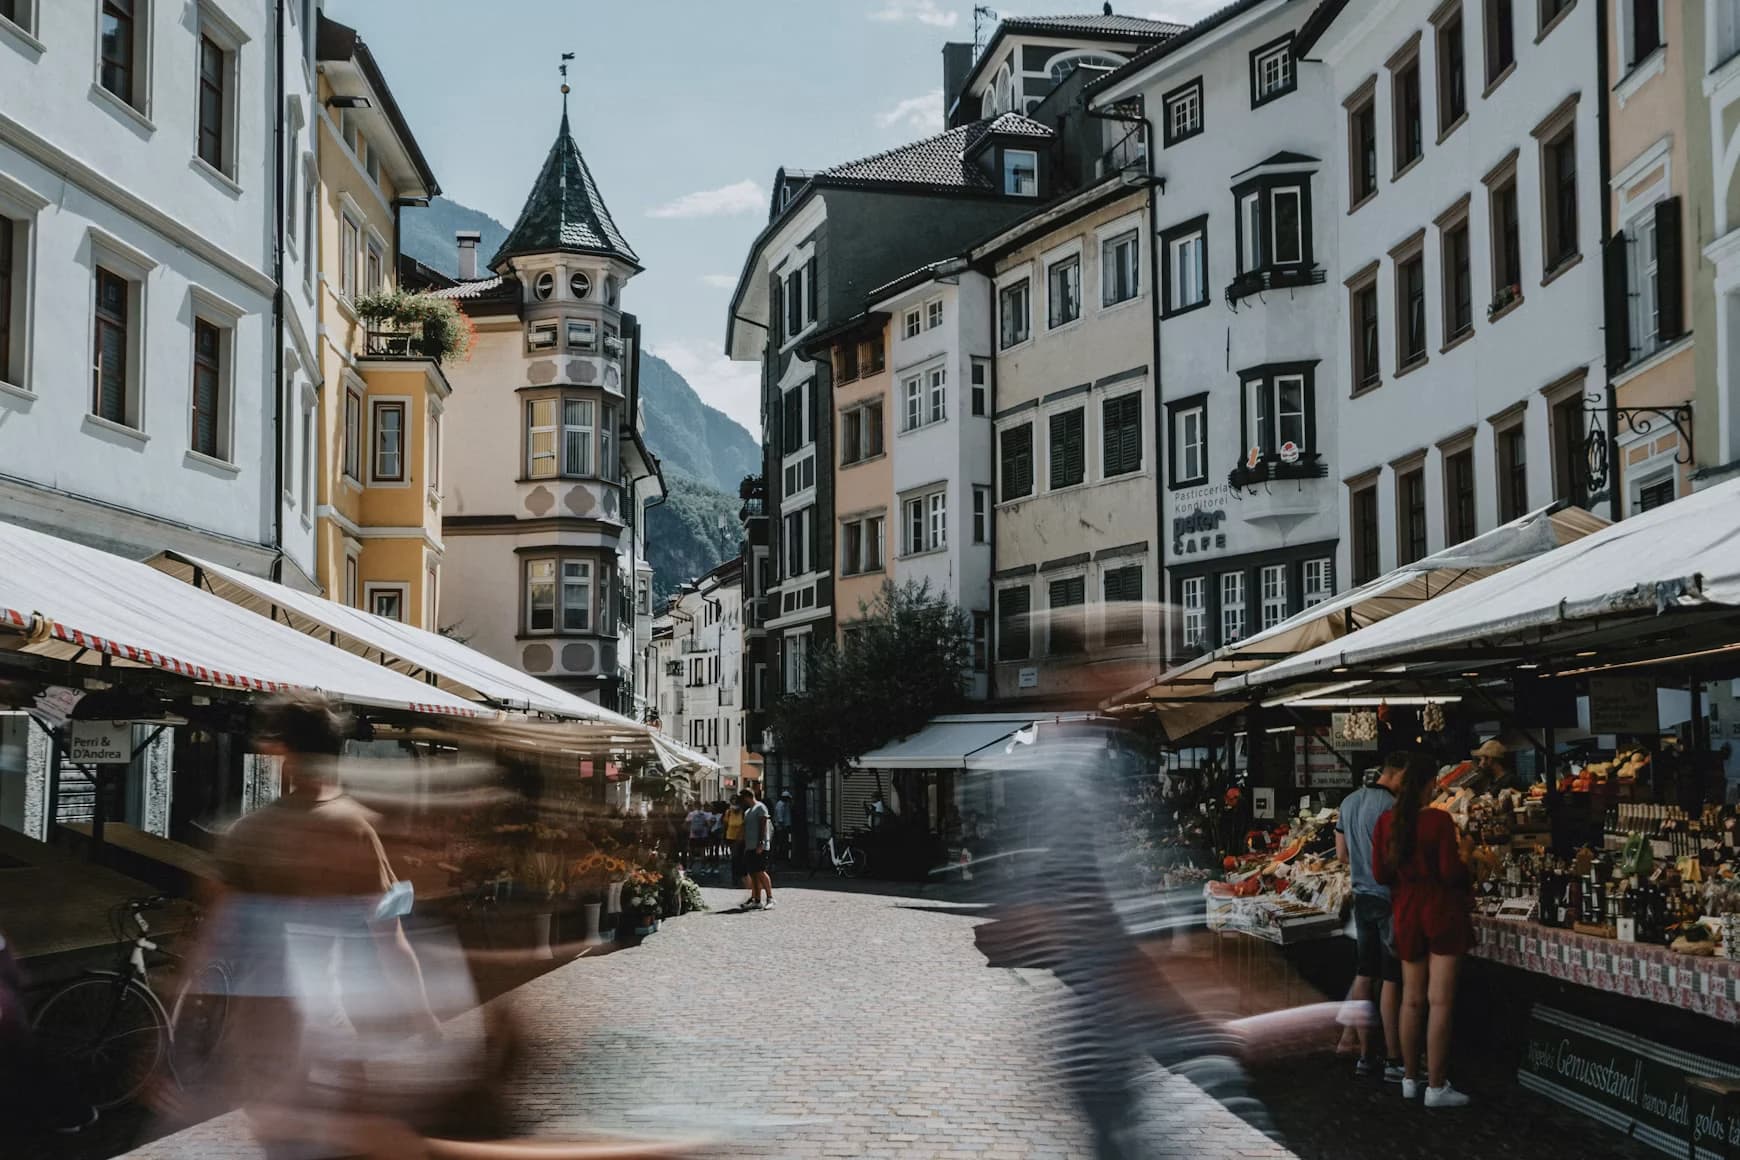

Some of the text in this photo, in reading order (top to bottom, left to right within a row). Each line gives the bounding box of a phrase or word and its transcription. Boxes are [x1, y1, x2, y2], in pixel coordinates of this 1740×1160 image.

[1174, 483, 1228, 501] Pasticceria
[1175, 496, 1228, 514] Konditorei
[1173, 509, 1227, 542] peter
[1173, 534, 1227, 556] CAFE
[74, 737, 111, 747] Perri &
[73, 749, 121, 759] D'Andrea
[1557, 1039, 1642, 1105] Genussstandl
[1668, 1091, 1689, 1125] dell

━━━━━━━━━━━━━━━━

**Task directions:**
Quote every record above exactly, omitting any pictures they contain.

**Response:**
Some of the text in this photo, in reading order (top to bottom, left to right within a row). Each line gives the bounding box of a phrase or word and its transcription. Boxes are [x1, y1, x2, y2], in pixel coordinates of this 1740×1160 image.

[1174, 483, 1228, 501] Pasticceria
[1175, 496, 1228, 514] Konditorei
[1173, 509, 1227, 542] peter
[1173, 534, 1227, 556] CAFE
[74, 737, 111, 747] Perri &
[73, 749, 121, 759] D'Andrea
[1557, 1039, 1642, 1105] Genussstandl
[1668, 1091, 1689, 1125] dell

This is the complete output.